RFWD2 protein, human

All plasmids used in this study were generated by In-Fusion Cloning methods (https://www.takarabio.com/products/cloning/in-fusion-cloning). The sequences subcloned into plasmids were verified by Sanger sequencing. The mammalian cell expression vectors used in this study were made with pQCMV-Flag-GFP (Supplementary Fig. 4), pQCMV-GFP (Supplementary Fig. 4), and pCMV-Myc^{20 (link)}. pQCMV-Flag-GFP vector was modified from the commercial plasmid pEGFP-N1 (Clontech), which allows the inserted gene expressed under control of the CMV promoter and fused with dual in-frame tags of Flag and GFP. pQCMV-GFP vector was further modified from pQCMV-Flag-GFP by removing the coding sequence of Flag tag. pCMV-Myc vector was described previously^{20 (link)}. To generate plasmids expressing Flag-LRB1, Flag-LRB2, Flag-CRY2, and Flag-CRY2^D387A, the coding sequences (CDS) of all the above genes were amplified either from Arabidopsis cDNA or plasmids made before by PCR, the purified PCR products were then subcloned into SpeI/KpnI-digested pQCMV-Flag-GFP vector through in-fusion. Myc-LRB1, Myc-LRB2, Myc-CRY2, Myc-SPA1, and Myc-COP1 plasmids were prepared by cloning the CDS of the genes into the BamHI site of pCMV-Myc vector. For plasmids expressing HA-PPK1 and HA-PPK1^D267N, the coding sequences of PPK1 and PPK1^D267N were PCR-amplified from plasmids made before by using the primers, of which a 2x HA coding sequence was attached to the 5’ end of forward primer, and introduced into SpeI/KpnI-digested pQCMV-GFP vector by in-fusion. The gene-specific primers for constructs used for expressing recombinant proteins in HEK293T cells are listed in Supplementary Table 2.

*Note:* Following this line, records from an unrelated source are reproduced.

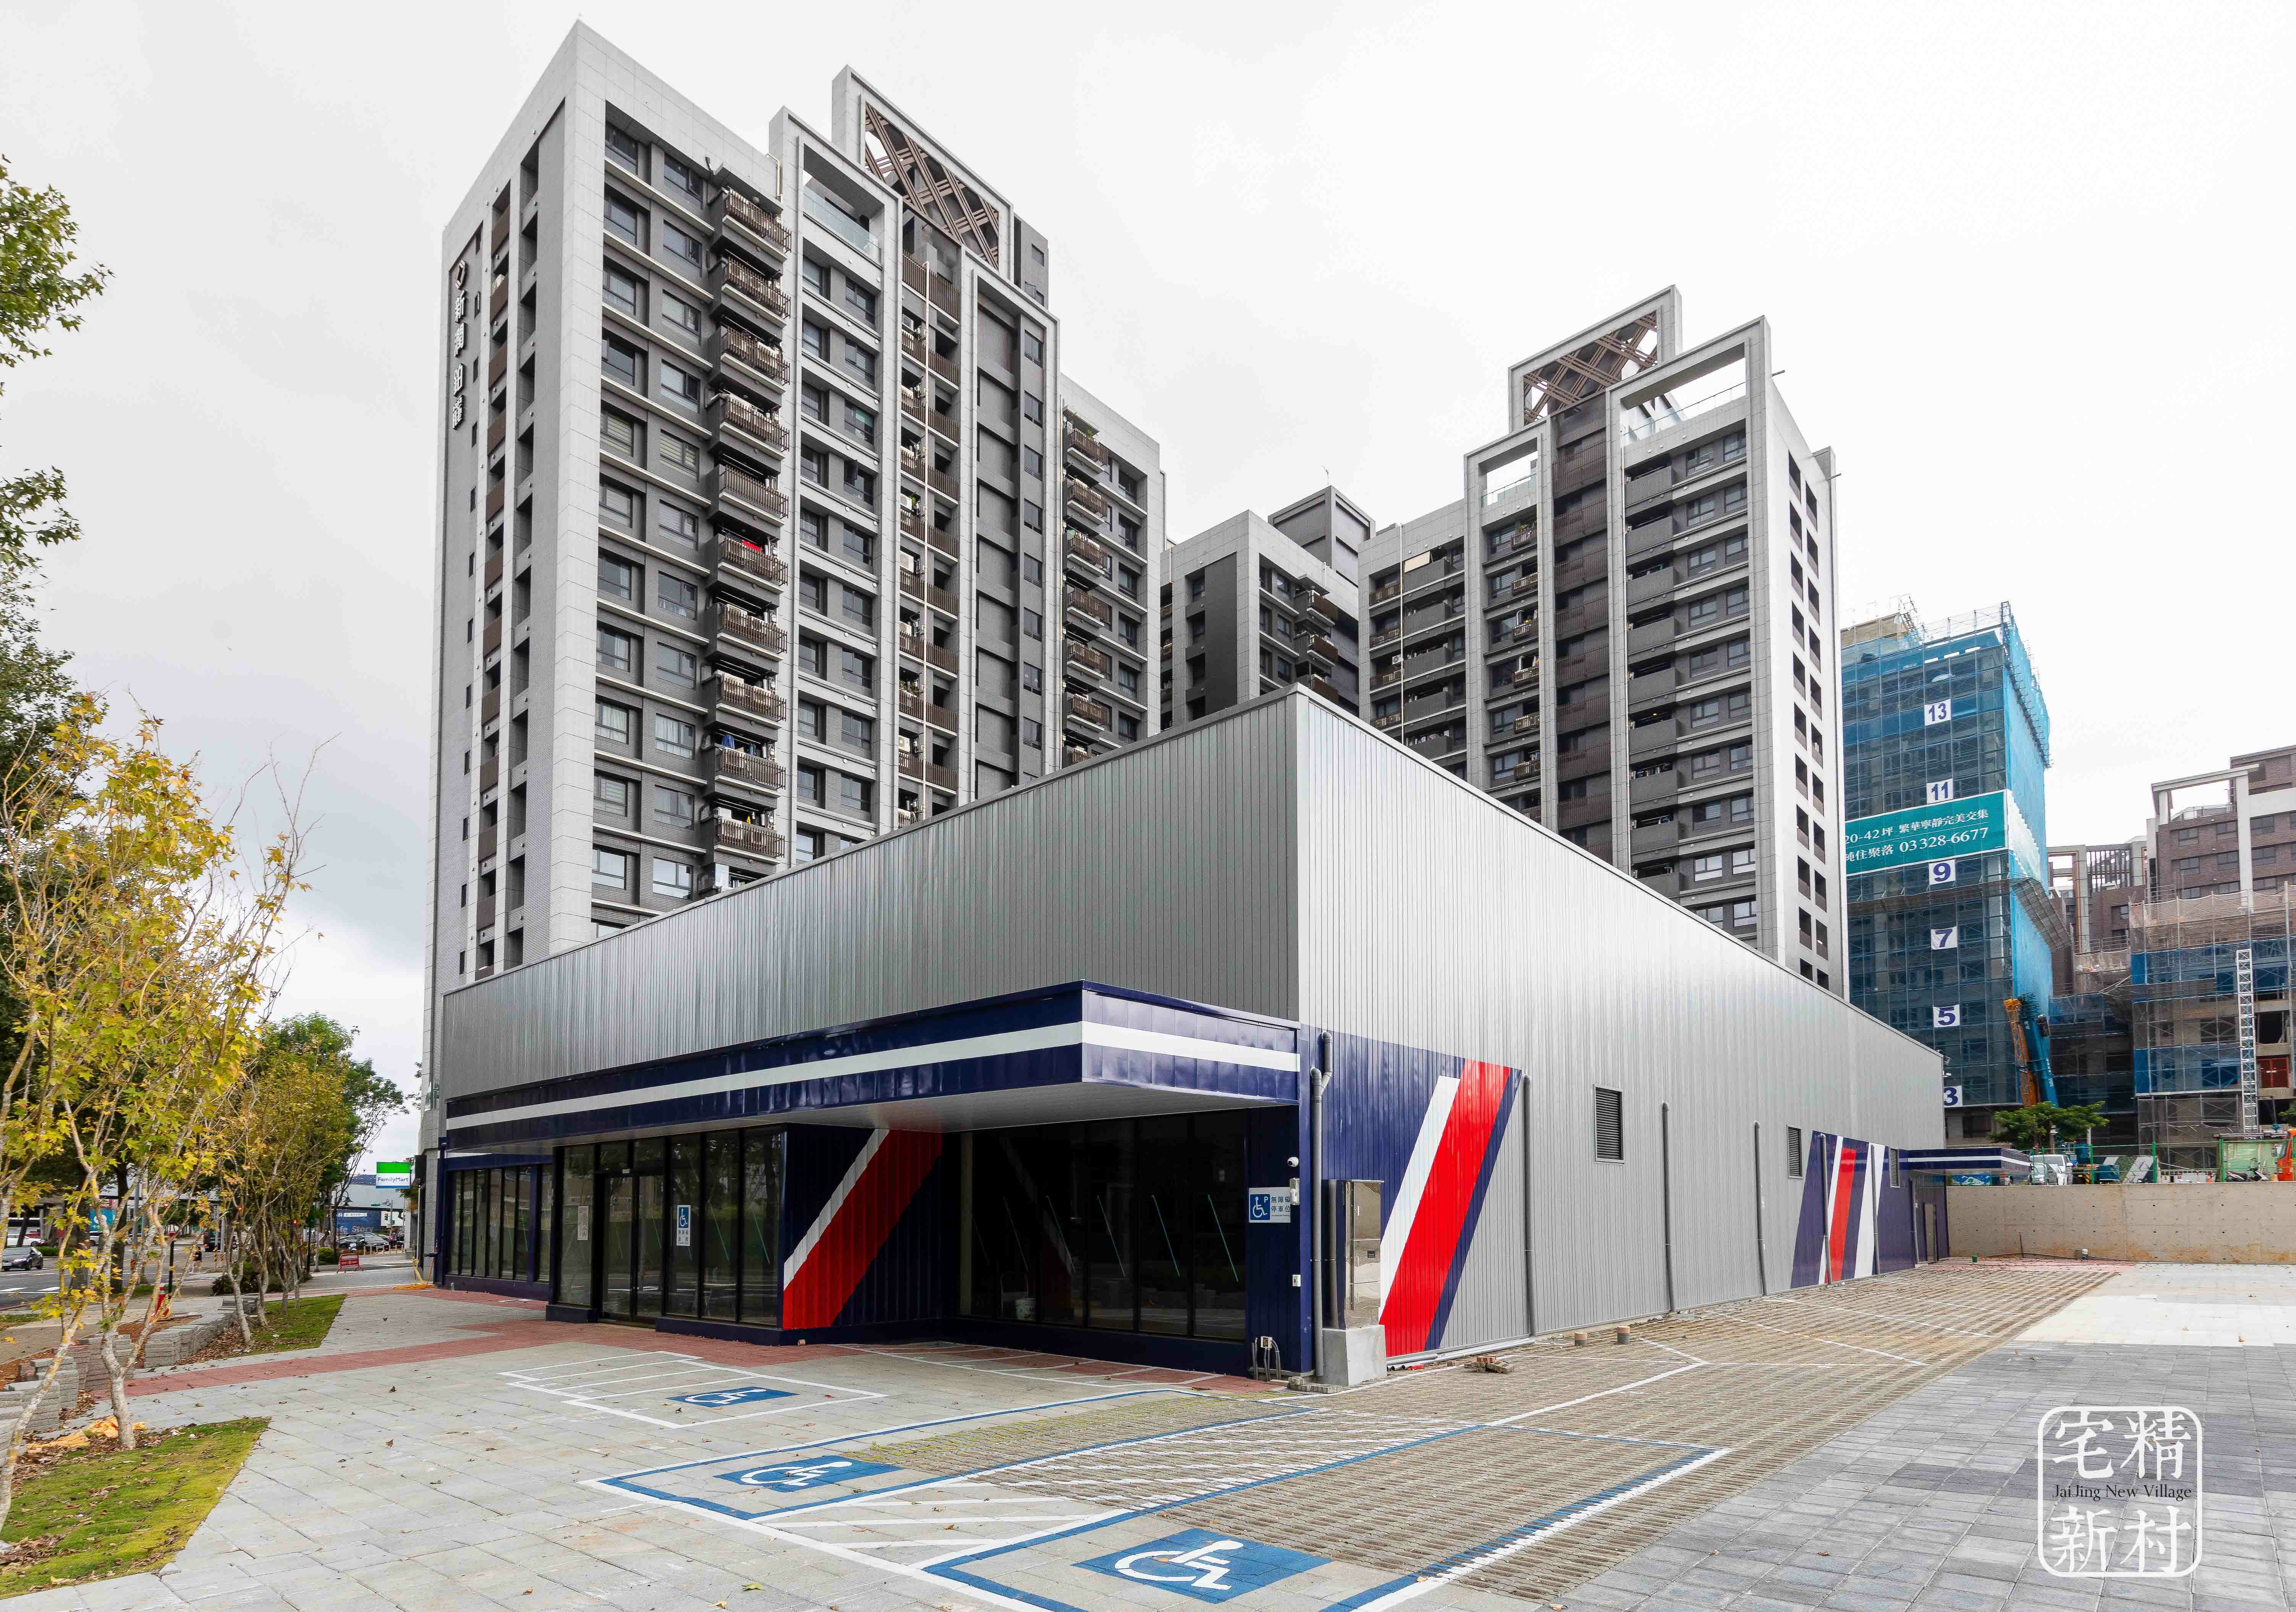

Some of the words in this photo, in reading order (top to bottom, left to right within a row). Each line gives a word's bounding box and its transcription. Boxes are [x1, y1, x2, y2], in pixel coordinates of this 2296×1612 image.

[1928, 703, 1948, 722] 13
[1931, 782, 1949, 801] 11
[1933, 863, 1951, 882] 9
[1935, 928, 1953, 948] 7
[1938, 1007, 1956, 1026] 5
[1943, 1087, 1958, 1106] 3
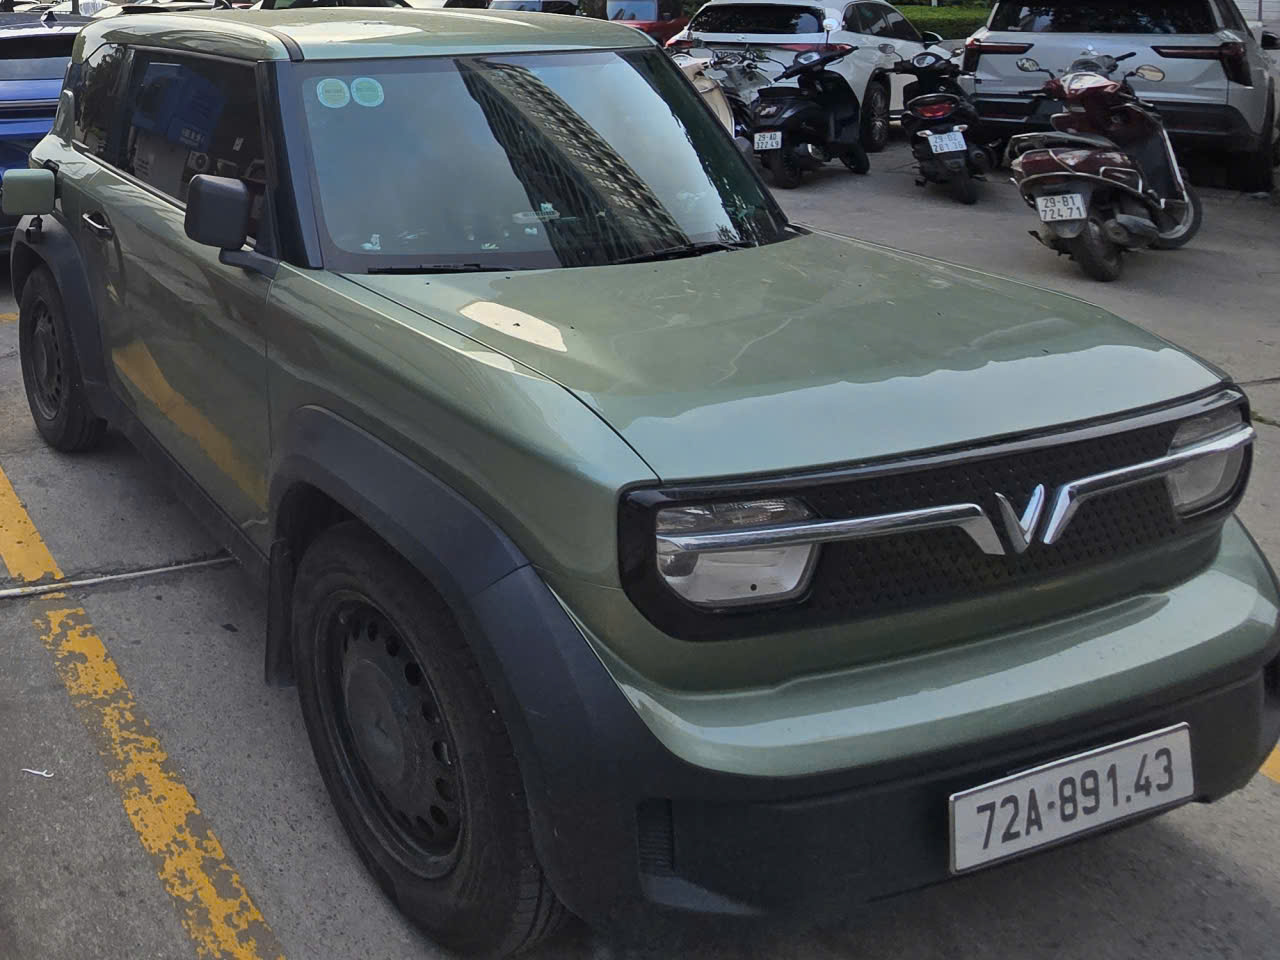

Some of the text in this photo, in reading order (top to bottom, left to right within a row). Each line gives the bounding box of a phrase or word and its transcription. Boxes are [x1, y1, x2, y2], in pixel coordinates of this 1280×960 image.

[1042, 195, 1076, 209] 29-B1
[1041, 206, 1083, 220] 724.71
[976, 747, 1174, 850] 72A-891.43
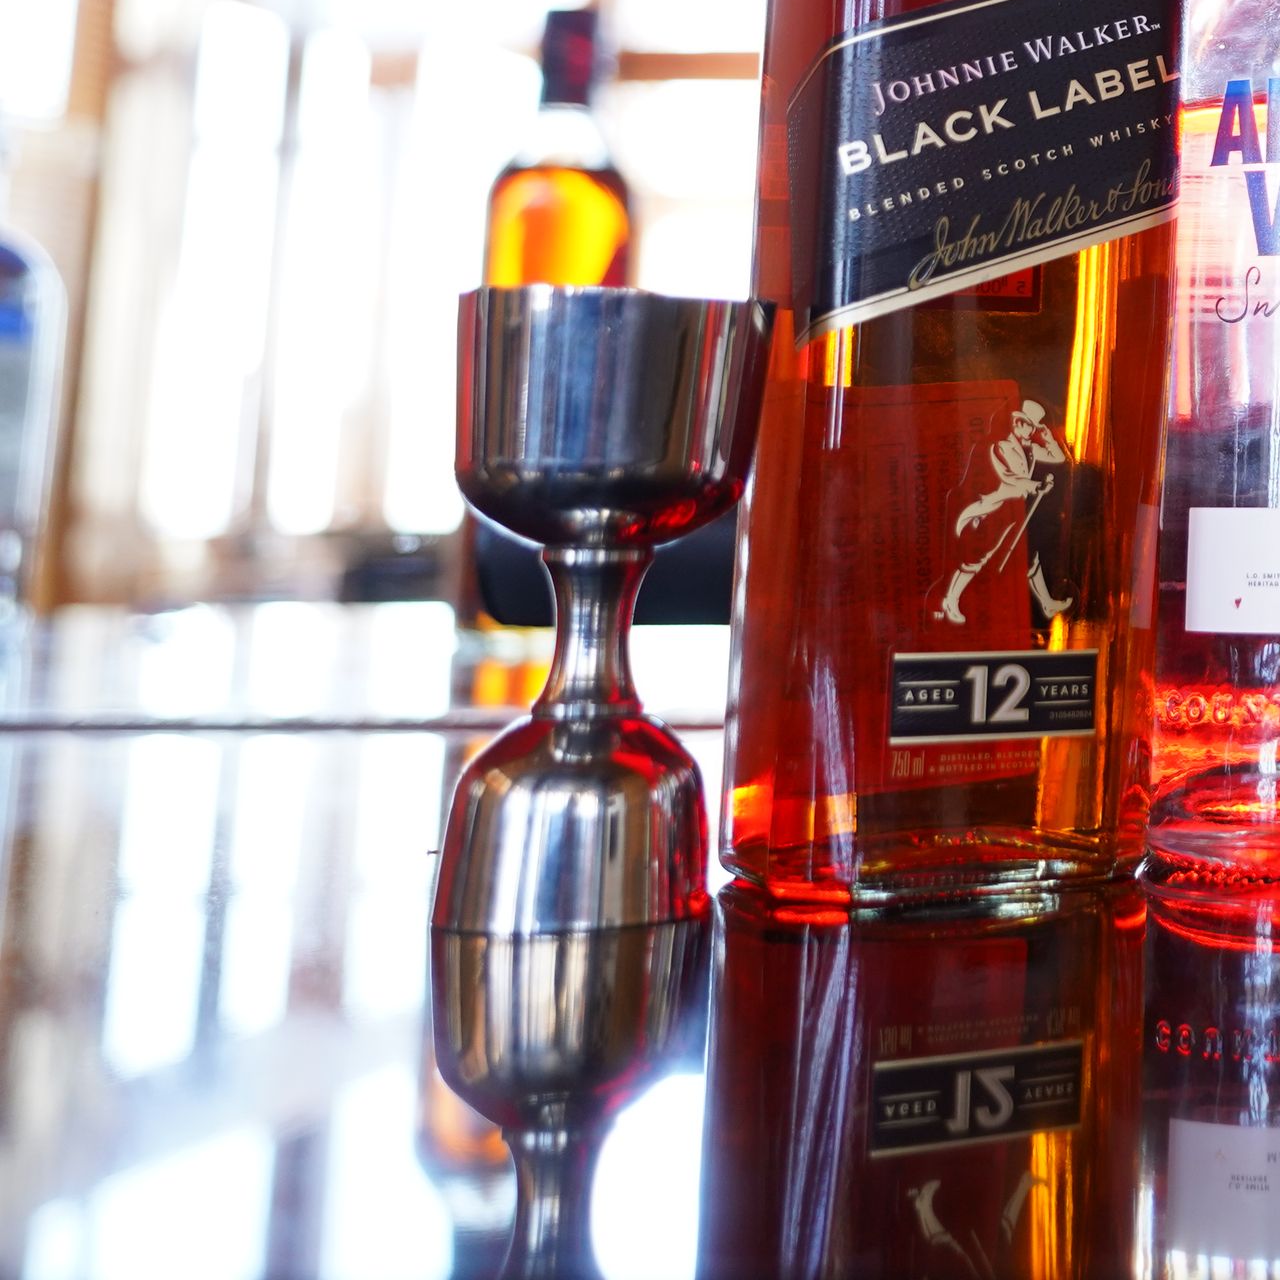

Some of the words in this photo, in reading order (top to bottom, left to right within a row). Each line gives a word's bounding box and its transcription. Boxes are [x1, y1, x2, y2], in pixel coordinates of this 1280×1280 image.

The BiFC constructs were built with the vectors described previously^{47 (link)}. The coding sequences of LRB1 (AT2G46260), LRB2 (AT3G61600), CRY2 (AT1G04400), and CRY2^D387A were PCR-amplified and cloned into pDONR/Zeo entry vector through BP reaction (Gateway™ BP Clonase™ II Enzyme mix, Cat. # 11789020, Invitrogen). The entry constructs were then introduced into the destination vector pX-nYFP (N-terminus of YFP fused to C-terminus of genes) or pcCFP-X (C-terminus of CFP fused to N-terminus of genes) by LR reaction (Gateway™ LR Clonase™ II Enzyme mix, Cat. # 11791020, Invitrogen). The gene-specific primers of Gateway cloning for constructs used for BiFC assys are listed in Supplementary Table 2.
The split-LUC constructs were made with the vectors described previously^{48 (link)}. CRY2 were fused to the C-terminus of cLUC (the C-terminus of Luciferase). LRB1ΔBTB were generated by seamlessly connecting two fragments, 1-426 bp and 637-1683 bp of LRB1 coding sequence, with 15 bp overlaps, by infusion cloning method. LRB2ΔBTB were generated with two fragments, 1-432 bp and 751-1683 bp of LRB2 coding sequence through the same method as making LRB1ΔBTB. LRB1ΔBTB and LRB2ΔBTB were then fused to the N-terminus of nLUC (the N-terminus of Luciferase) by in-fusion. The primers for constructs used for Split-LUC assays are listed in Supplementary Table 2.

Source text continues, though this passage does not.